**TASK PROMPT**
Restate word for word every entry that appears below, skipping its pictures.

Saved data entries:
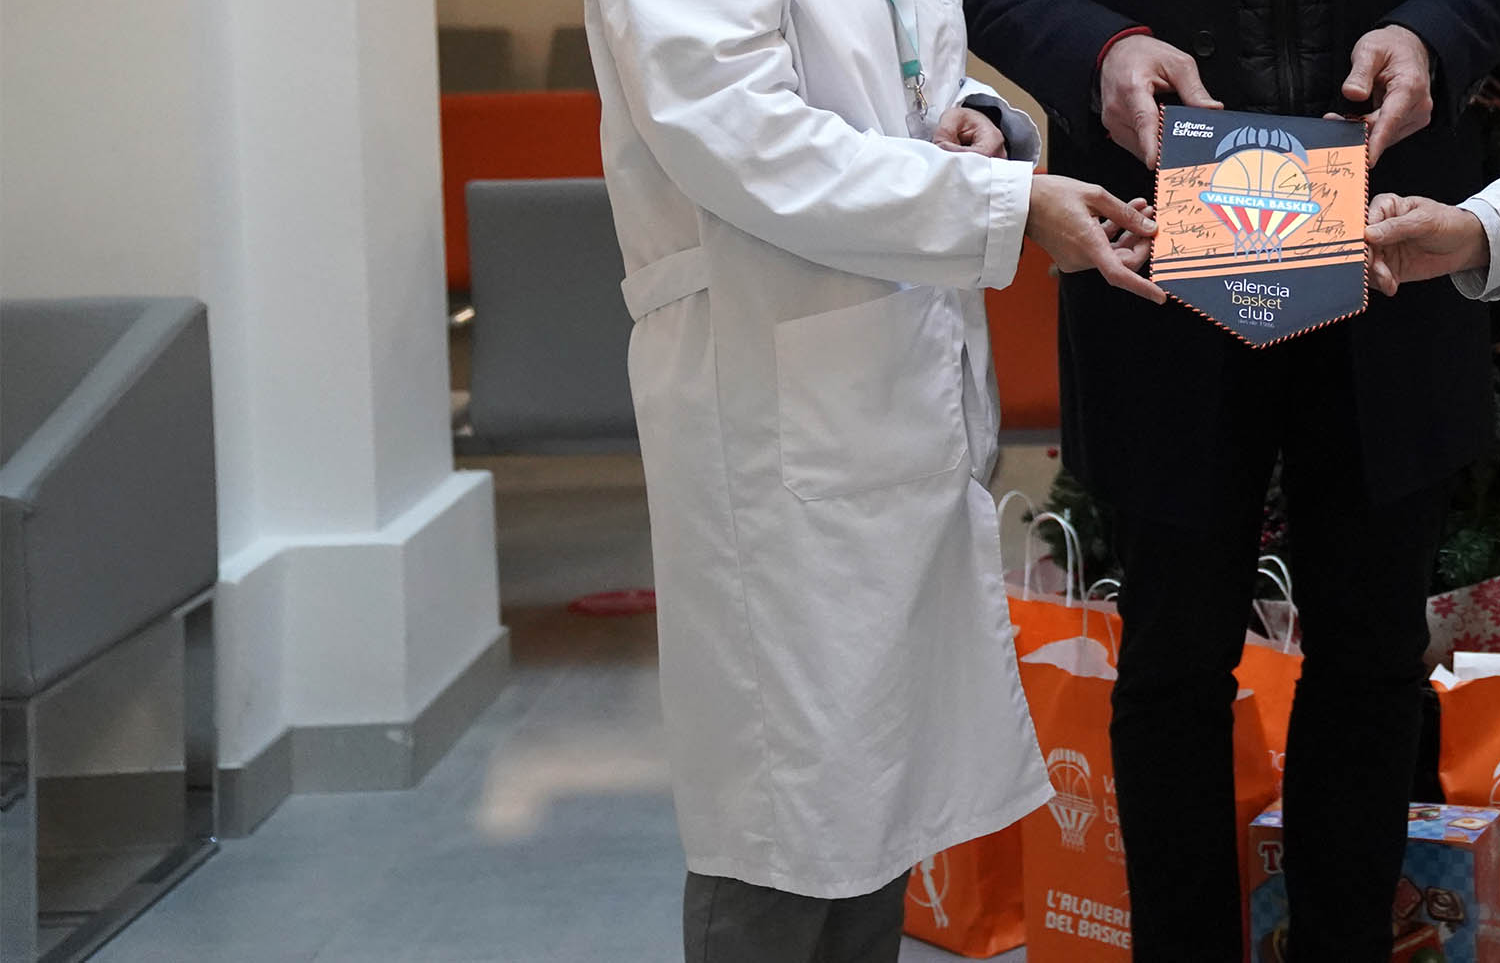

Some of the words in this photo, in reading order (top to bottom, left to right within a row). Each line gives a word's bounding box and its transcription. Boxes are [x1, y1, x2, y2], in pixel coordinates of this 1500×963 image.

[1172, 128, 1214, 139] Esfuerzo
[1174, 120, 1206, 130] Cultura
[1206, 192, 1265, 209] VALENCIA
[1268, 199, 1314, 214] BASKET
[1223, 278, 1290, 298] valencia
[1231, 290, 1282, 311] basket
[1238, 305, 1274, 322] club
[1046, 889, 1131, 929] L'ALQUERI
[1045, 911, 1075, 935] DEL
[1077, 919, 1131, 951] BASKE
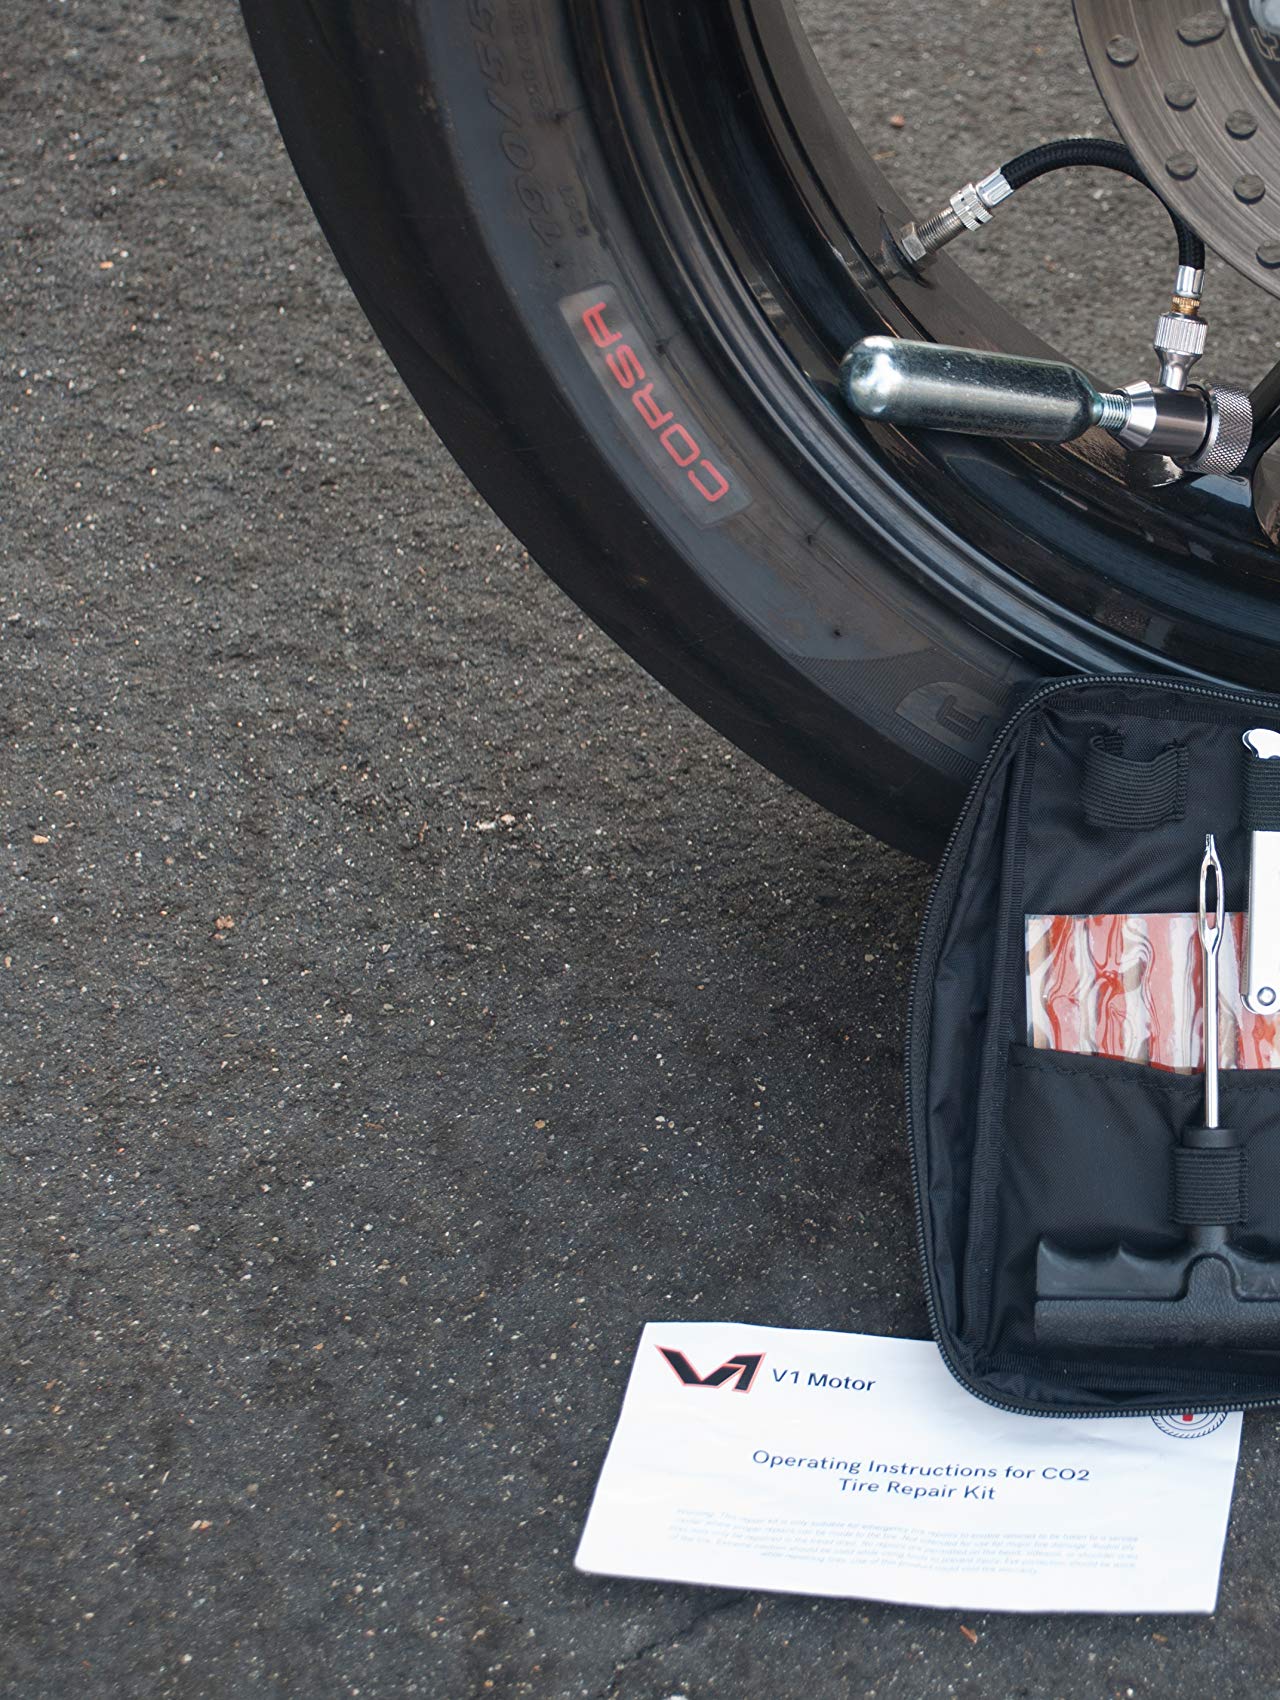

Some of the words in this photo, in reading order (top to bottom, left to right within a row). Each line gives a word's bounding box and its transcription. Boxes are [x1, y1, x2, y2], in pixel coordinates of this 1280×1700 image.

[581, 302, 729, 502] CORSA
[771, 1367, 801, 1385] V1
[806, 1371, 877, 1392] Motor
[751, 1449, 862, 1475] Operating
[867, 1459, 998, 1479] Instructions
[1003, 1464, 1036, 1480] for
[1040, 1466, 1091, 1482] CO2
[838, 1477, 879, 1493] Tire
[886, 1480, 958, 1500] Repair
[963, 1484, 996, 1501] Kit

**EXERCISE SOLUTION**
Some of the words in this photo, in reading order (top to bottom, left to right within a row). Each line gives a word's bounding box and its transcription. Boxes are [x1, y1, x2, y2], in pixel coordinates of this 1500×963 image.

[1172, 128, 1214, 139] Esfuerzo
[1174, 120, 1206, 130] Cultura
[1206, 192, 1265, 209] VALENCIA
[1268, 199, 1314, 214] BASKET
[1223, 278, 1290, 298] valencia
[1231, 290, 1282, 311] basket
[1238, 305, 1274, 322] club
[1046, 889, 1131, 929] L'ALQUERI
[1045, 911, 1075, 935] DEL
[1077, 919, 1131, 951] BASKE

Some of the words in this photo, in reading order (top to bottom, left to right within a row). Each line gives a word's bounding box and its transcription. Boxes are [x1, y1, x2, y2], in pixel coordinates of this 1280×1700 image.

[581, 302, 729, 502] CORSA
[771, 1367, 801, 1385] V1
[806, 1371, 877, 1392] Motor
[751, 1449, 862, 1475] Operating
[867, 1459, 998, 1479] Instructions
[1003, 1464, 1036, 1480] for
[1040, 1466, 1091, 1482] CO2
[838, 1477, 879, 1493] Tire
[886, 1480, 958, 1500] Repair
[963, 1484, 996, 1501] Kit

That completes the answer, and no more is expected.